Task:
Without the images, write out the whole listing exactly.
++++
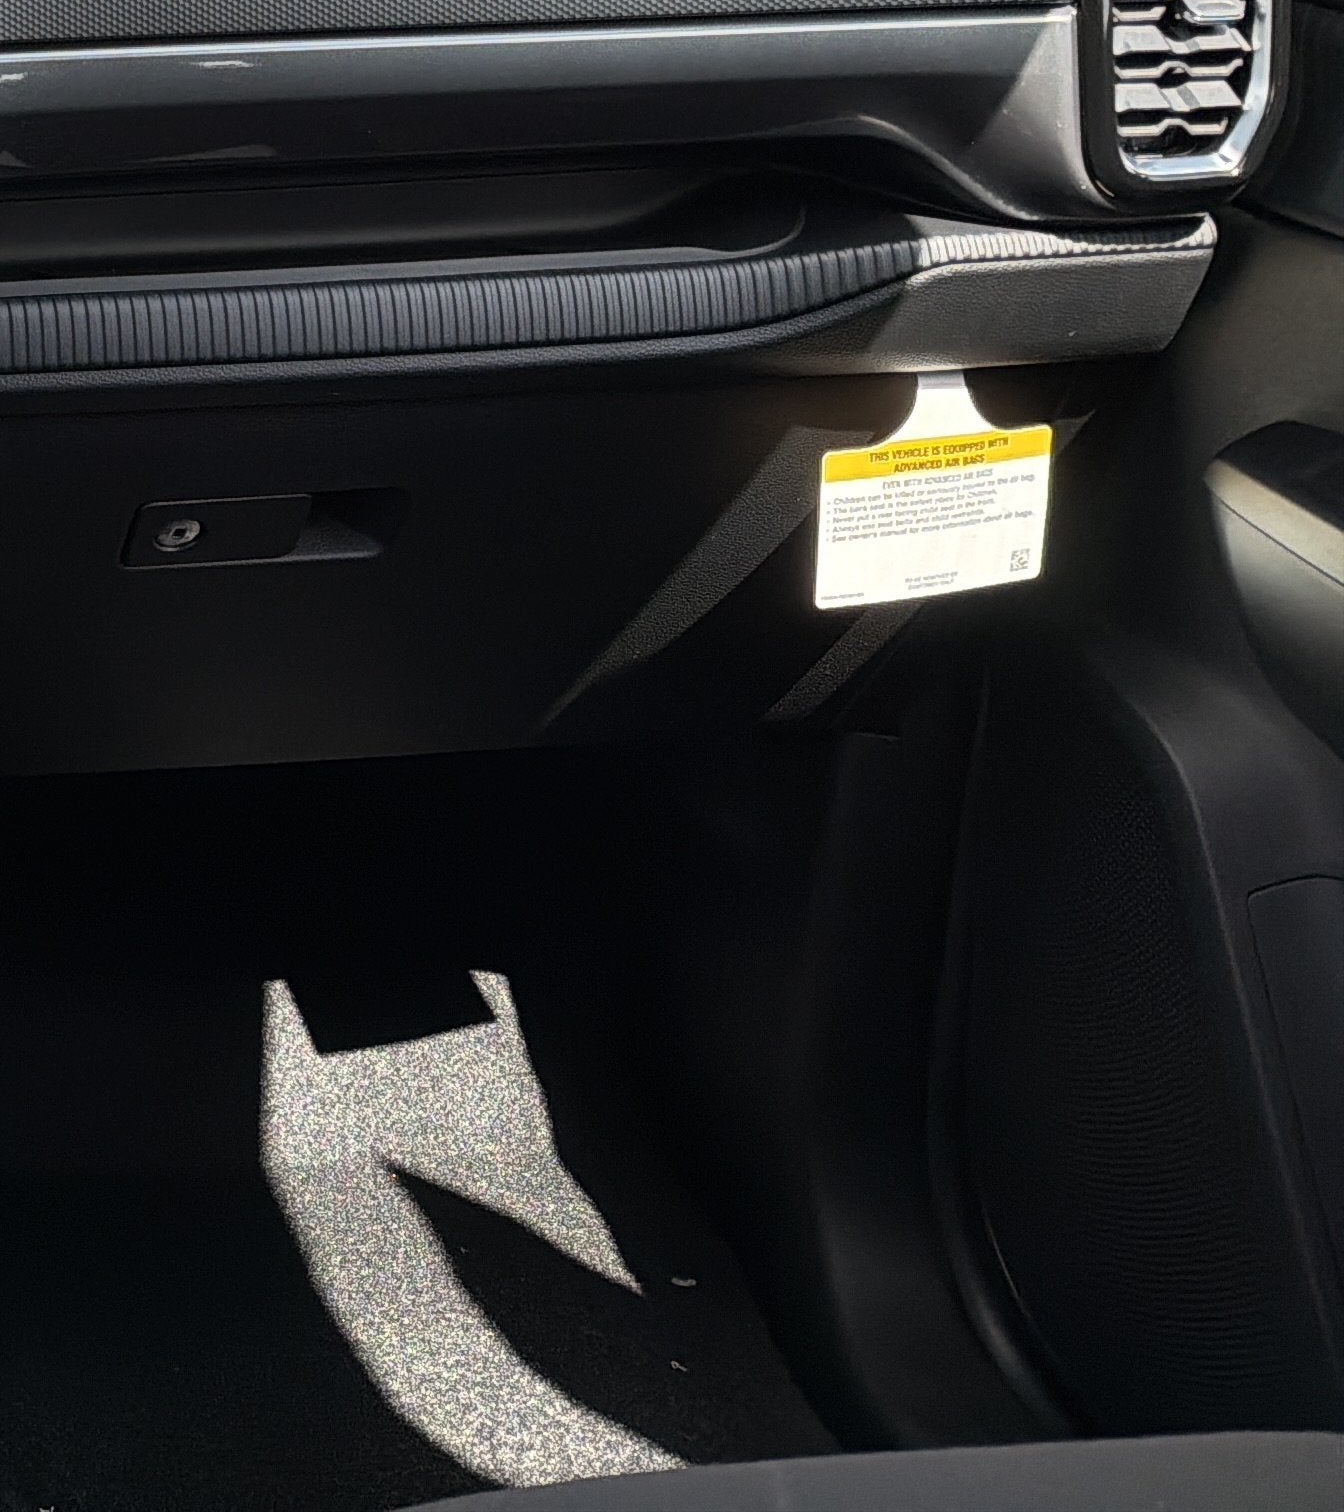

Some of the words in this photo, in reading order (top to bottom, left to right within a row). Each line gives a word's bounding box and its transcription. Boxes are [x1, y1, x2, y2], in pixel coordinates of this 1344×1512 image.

[869, 451, 889, 462] THIS
[891, 446, 930, 459] VEHICLE
[931, 445, 941, 455] IS
[943, 440, 986, 454] EQUIPPED
[987, 436, 1009, 448] WITH
[894, 459, 943, 472] ADVANCED
[945, 457, 960, 467] AIR
[962, 453, 985, 466] BAGS
++++
Answer space:
Some of the words in this photo, in reading order (top to bottom, left to right within a row). Each line gives a word's bounding box and its transcription. Boxes are [x1, y1, x2, y2], in pixel coordinates of this 1344×1512 image.

[869, 451, 889, 462] THIS
[891, 446, 930, 459] VEHICLE
[931, 445, 941, 455] IS
[943, 440, 986, 454] EQUIPPED
[987, 436, 1009, 448] WITH
[894, 459, 943, 472] ADVANCED
[945, 457, 960, 467] AIR
[962, 453, 985, 466] BAGS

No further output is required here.